Opened 6 years ago

Closed 5 years ago

#18910 closed enhancement (fixed)

Boost minimum spanning tree

Reported by: borassi Owned by:
Priority: major Milestone: sage-6.8
Component: graph theory Keywords: Boost, minimum spanning tree
Cc: ncohen, dcoudert, Stefan, Rudi Merged in:
Authors: Michele Borassi Reviewers: David Coudert
Report Upstream: N/A Work issues:
Branch: 38a817d (Commits) Commit: 38a817d387325a25c62df70c6e77d7c06169f152
Dependencies: #18876, #18906 Stopgaps:

Description (last modified by borassi)

Include Boost implementation of Kruskal and Prim algorithms for minimum spanning tree.

Change History (26)

comment:1 Changed 6 years ago by borassi

  • Authors set to Michele Borassi
  • Cc ncohen dcoudert added
  • Component changed from PLEASE CHANGE to graph theory
  • Dependencies set to #18876, #18906
  • Description modified (diff)
  • Keywords Boost minimum spanning tree added
  • Type changed from PLEASE CHANGE to enhancement

comment:2 Changed 5 years ago by borassi

  • Branch set to u/borassi/boost_minimum_spanning_tree

comment:3 Changed 5 years ago by borassi

  • Commit set to 8278b0bf8b3b4c86bdc5b543f5ca57c8b682f83a

Hello!

This is the first version of Boost minimum spanning tree. With this code, I'm inserting in Sage the code to interface with Boost weighted graphs. The improvement on this specific algorithm is not striking (about 2x over the old algorithm), but I still set the Boost algorithm as default.

Some benchmark:

sage: sage: def random_weighted_graph(n, m, lower_weight = 1, upper_weight = 100): 
        import random
        g = graphs.RandomGNM(n,m)
        m = g.num_edges()
        weights = [random.randint(lower_weight, upper_weight) for r in xrange(m)]
        uw_edges = g.edges()
        w_edges = [(uw_edges[i][0], uw_edges[i][1], weights[i]) for i in xrange(m)]
        return Graph(w_edges, weighted = True)
....: 
sage: g = random_weighted_graph(20000,200000)
sage: %timeit(g.min_spanning_tree(algorithm="Prim_Boost"))
1 loops, best of 3: 279 ms per loop
sage: %timeit(g.min_spanning_tree(algorithm="Kruskal_Boost"))
1 loops, best of 3: 361 ms per loop
sage: %timeit(g.min_spanning_tree(algorithm="Kruskal"))
1 loops, best of 3: 492 ms per loop
sage: %timeit(g.min_spanning_tree(algorithm="NetworkX"))
1 loops, best of 3: 1.92 s per loop
sage: %timeit(g.min_spanning_tree(algorithm="Prim_edge"))
1 loops, best of 3: 17.3 s per loop
sage: %timeit(g.min_spanning_tree(algorithm="Prim_fringe"))
1 loops, best of 3: 36.1 s per loop

Hope you like it!

Michele

comment:4 Changed 5 years ago by borassi

  • Status changed from new to needs_review

comment:5 Changed 5 years ago by dcoudert

The weight function you use does not allow to access all possible stuff that might be stored on an edge. For instance, I may have an edge like (u, v, {'weight':3, 'toto':4}) in which case a function like weight_function=lambda e:e[2]['weight'] is possible. With current implementation, you assume that weight_function((u,v)) returns the weight. Better to have weight_function(e) or weight_function((u,v,l)).

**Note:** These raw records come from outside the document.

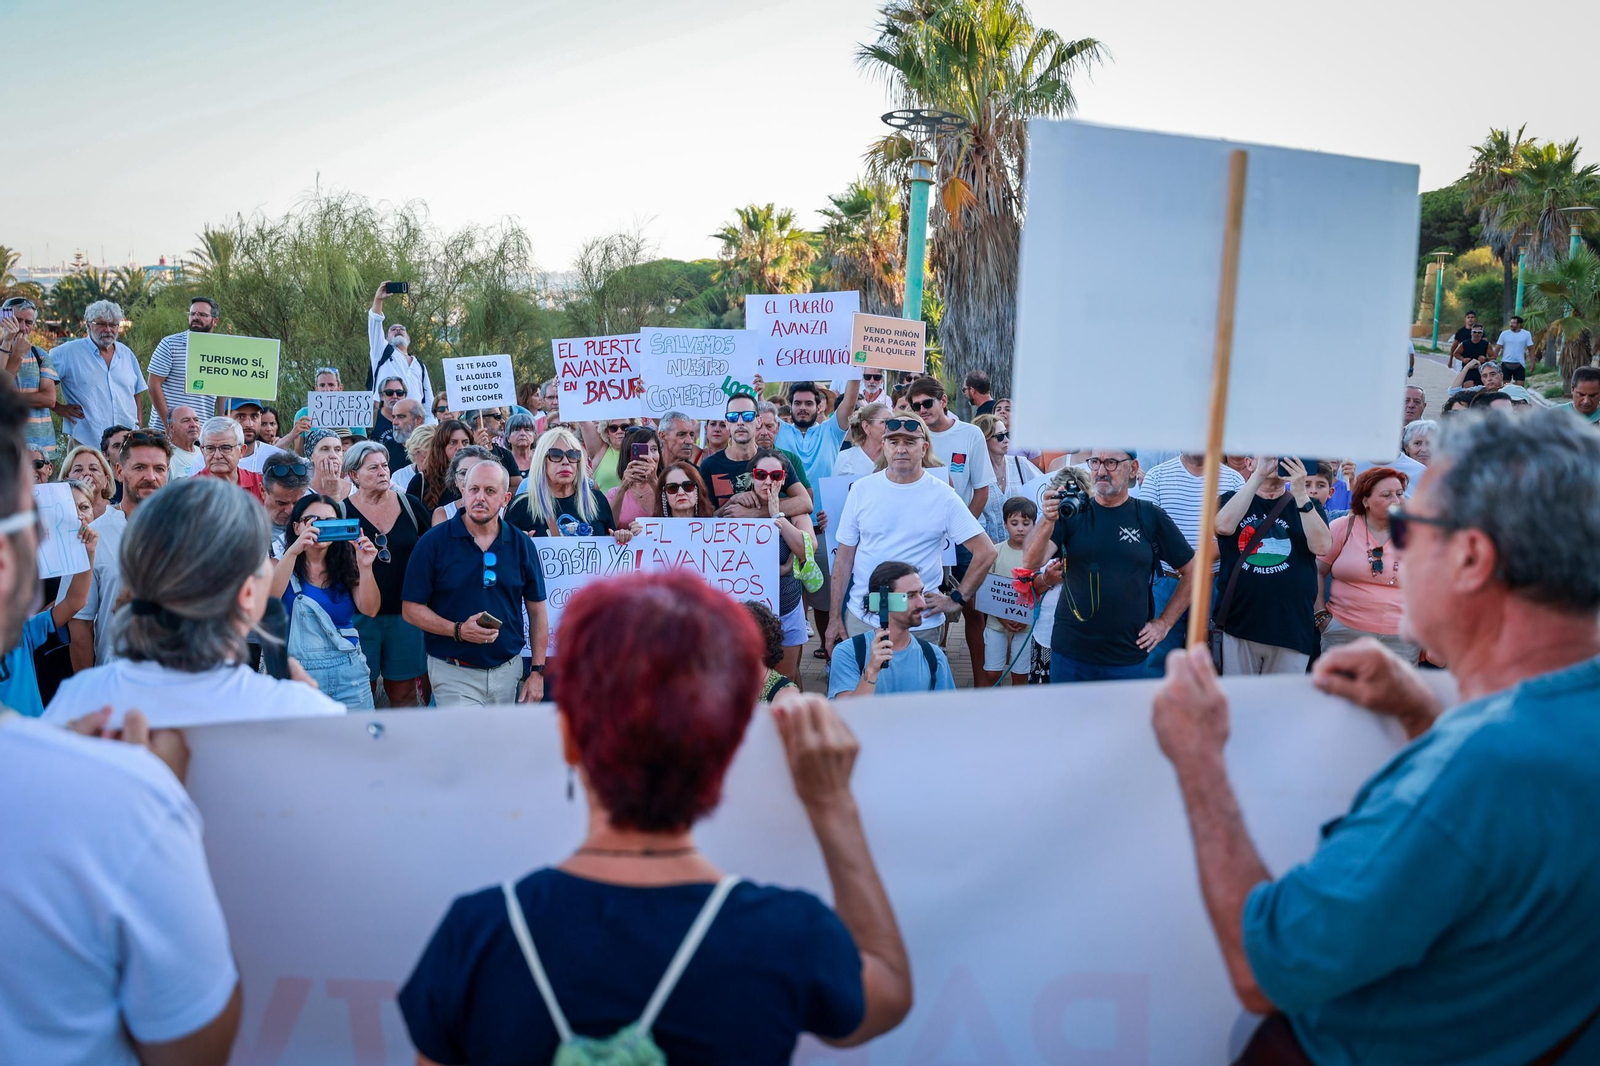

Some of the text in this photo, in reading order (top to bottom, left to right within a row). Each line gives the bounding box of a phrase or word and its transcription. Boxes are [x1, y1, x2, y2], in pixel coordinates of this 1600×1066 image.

[765, 300, 780, 314] EL
[771, 320, 828, 337] AVANZA
[864, 326, 920, 339] VENDO RIÑÓN
[650, 333, 736, 355] SALVEMOS
[863, 335, 917, 348] PARA PAGAR
[558, 343, 579, 359] EL
[875, 346, 915, 356] ALQUILER
[200, 354, 264, 369] TURISMO SÍ,
[561, 356, 632, 378] AVANZA
[667, 357, 729, 377] NUESTRO
[199, 366, 269, 379] PERO NO ASÍ
[466, 371, 502, 380] ALQUILER
[473, 383, 499, 391] QUEDO
[564, 381, 577, 391] EN
[476, 393, 503, 402] COMER
[310, 408, 372, 427] ACÚSTICO
[645, 521, 773, 545] EL PUERTO
[538, 541, 602, 579] BASTA
[653, 547, 755, 574] AVANZA
[1253, 562, 1290, 575] PALESTINA

Also, could you be a bit more specific with the description of the weight function

- ``weight_function`` -- A function that takes an edge and returns a
          numeric weight. If ``None`` (default), the algorithm uses the edge
          weights, if available, otherwise it assigns weight 1 to each edge (in
          the latter case, the output can be any spanning tree).

In particular, the default behavior assume that edge weights are numbers, that is if e=(u,v,l) then l is a number.

David.

comment:6 Changed 5 years ago by git

  • Commit changed from 8278b0bf8b3b4c86bdc5b543f5ca57c8b682f83a to ceda13f0b83784adce78b527099e08e7e003c6ac

Branch pushed to git repo; I updated commit sha1. New commits:

ceda13fImproved explanation of weight_function

comment:7 Changed 5 years ago by borassi

Hello!

you are absolutely right: I have made the modification you asked, I have improved the explanation of the weight function, and I have added an example in the generic_graph file.

Thank you very much!

Michele

comment:8 follow-up: Changed 5 years ago by dcoudert

Hello,

I know that dealing with weights is not easy. However, here we have different behaviors.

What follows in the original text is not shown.